▶ [ASSIGNMENT] Each line of the records must appear in your answer exactly, with no pictures.

Dataset entries
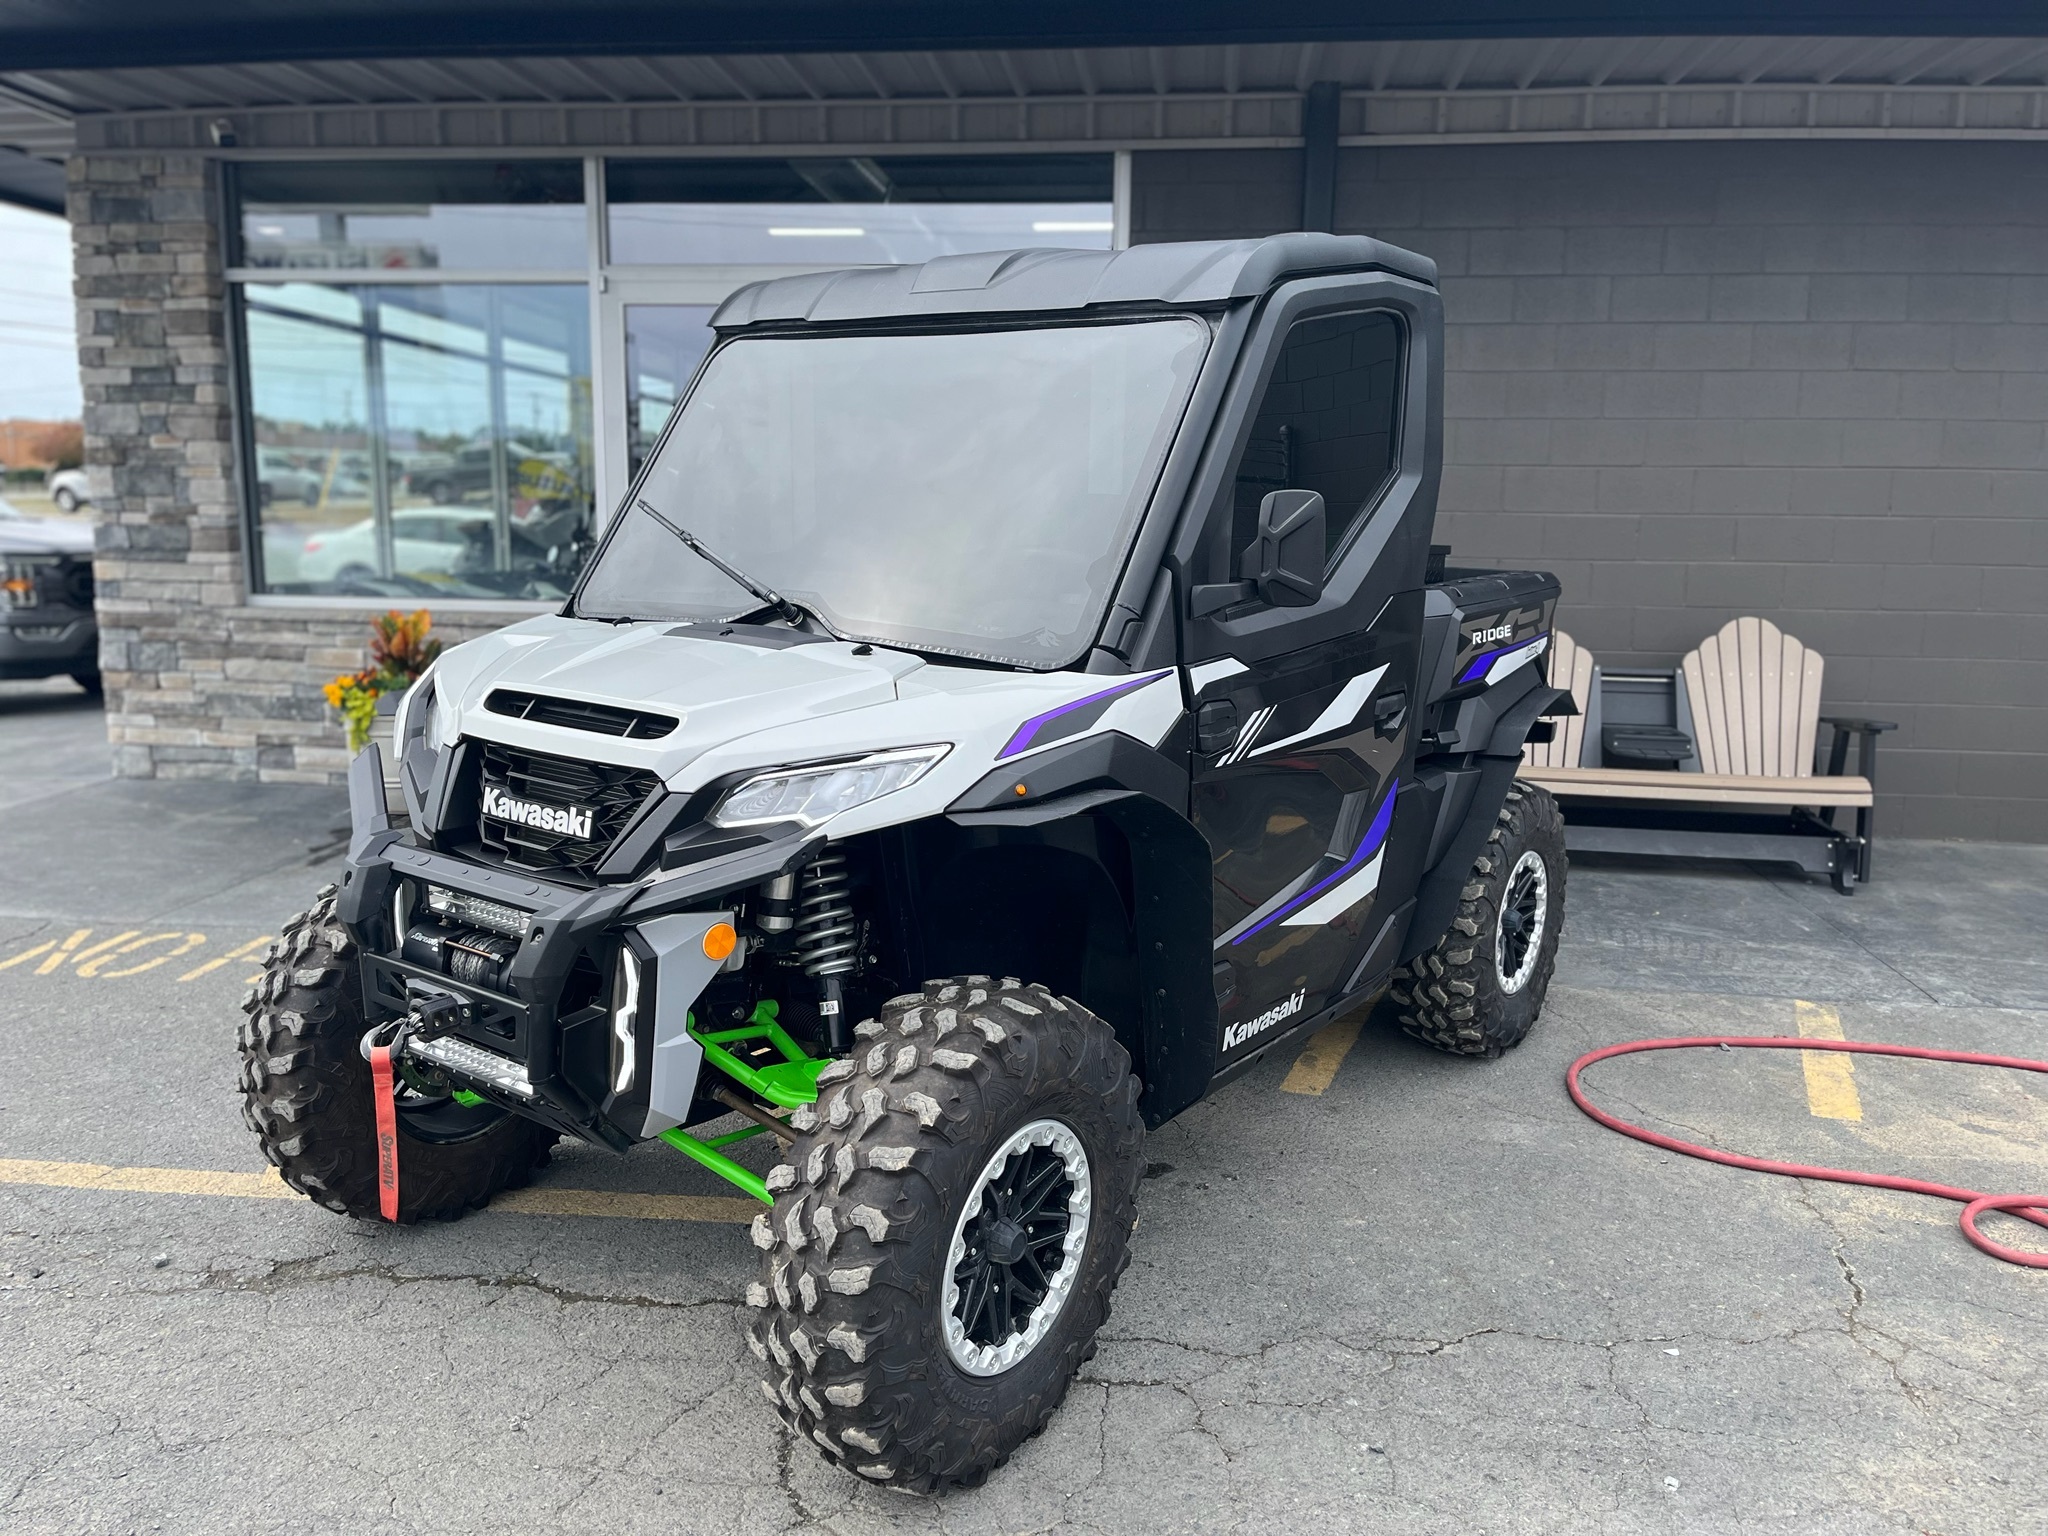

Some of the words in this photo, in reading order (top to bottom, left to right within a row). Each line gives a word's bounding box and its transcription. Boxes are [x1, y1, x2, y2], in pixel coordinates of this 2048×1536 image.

[1472, 624, 1512, 645] RIDGE
[482, 786, 593, 839] Kawasaki
[1222, 988, 1306, 1052] Kawasaki
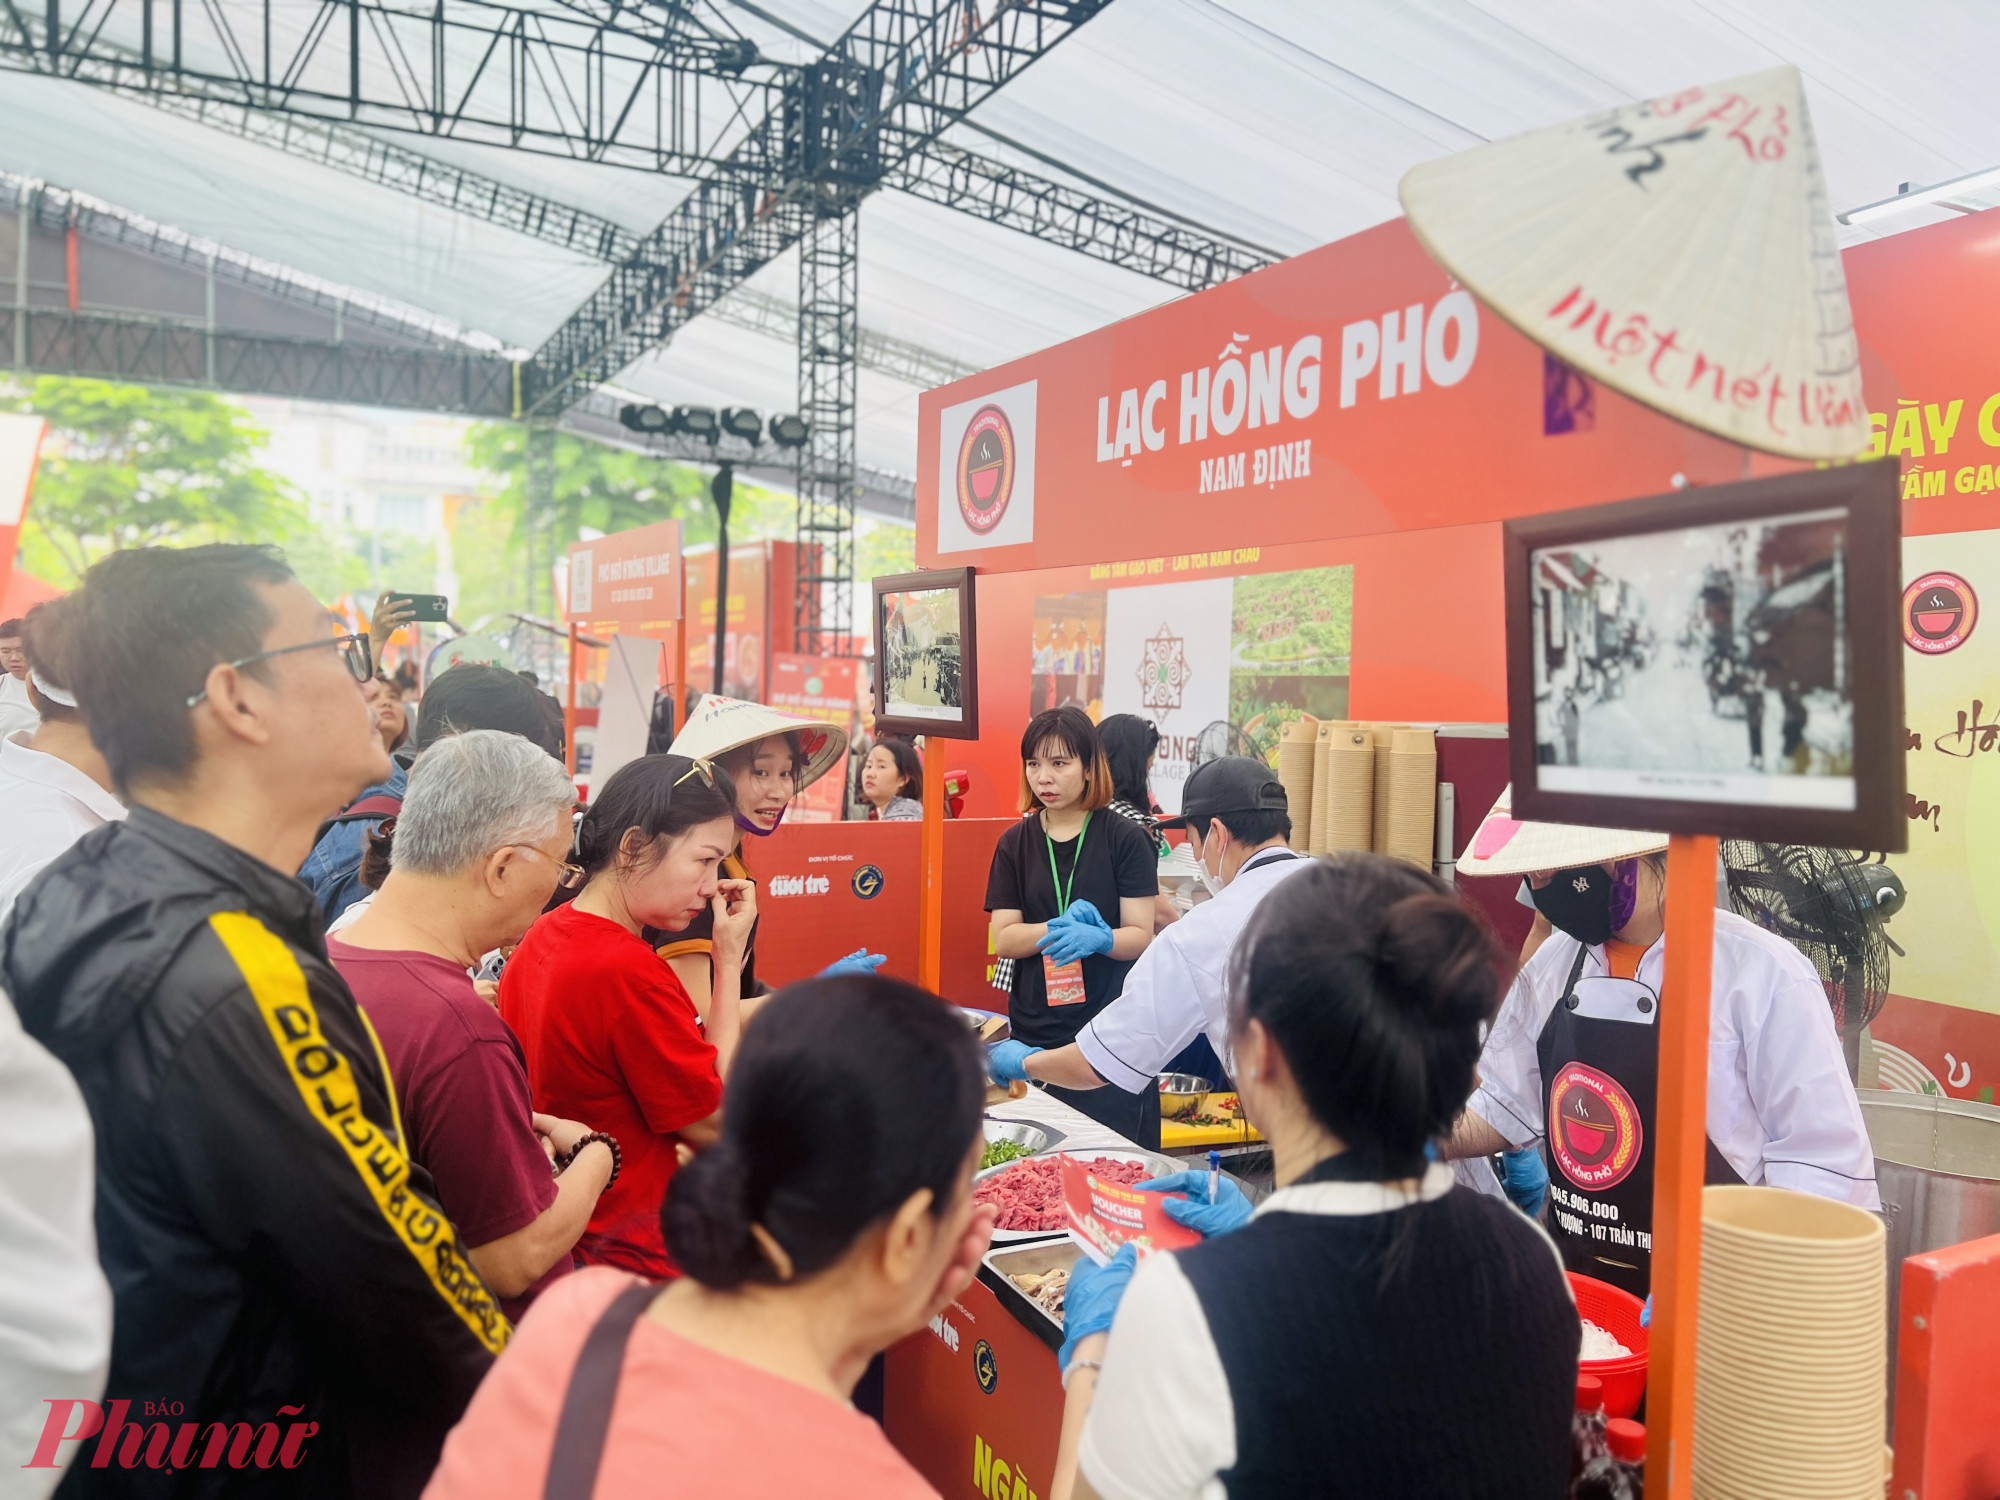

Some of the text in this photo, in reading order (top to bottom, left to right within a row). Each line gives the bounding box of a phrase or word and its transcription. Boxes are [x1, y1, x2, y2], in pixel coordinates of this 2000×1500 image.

▶ [SOLUTION BELOW]
Some of the words in this photo, in reading order (top to bottom, left to right within a row). Each line gives a word's bounding box and its transcription. Boxes are [x1, y1, x2, y2], in pixel coordinates of this 2048×1536 image.

[1472, 624, 1512, 645] RIDGE
[482, 786, 593, 839] Kawasaki
[1222, 988, 1306, 1052] Kawasaki

Some of the text in this photo, in reading order (top to bottom, left to right within a row). Each line gives the bounding box of a phrase or word and its transcription. Boxes are [x1, y1, x2, y2], in pixel coordinates of this 2000×1500 image.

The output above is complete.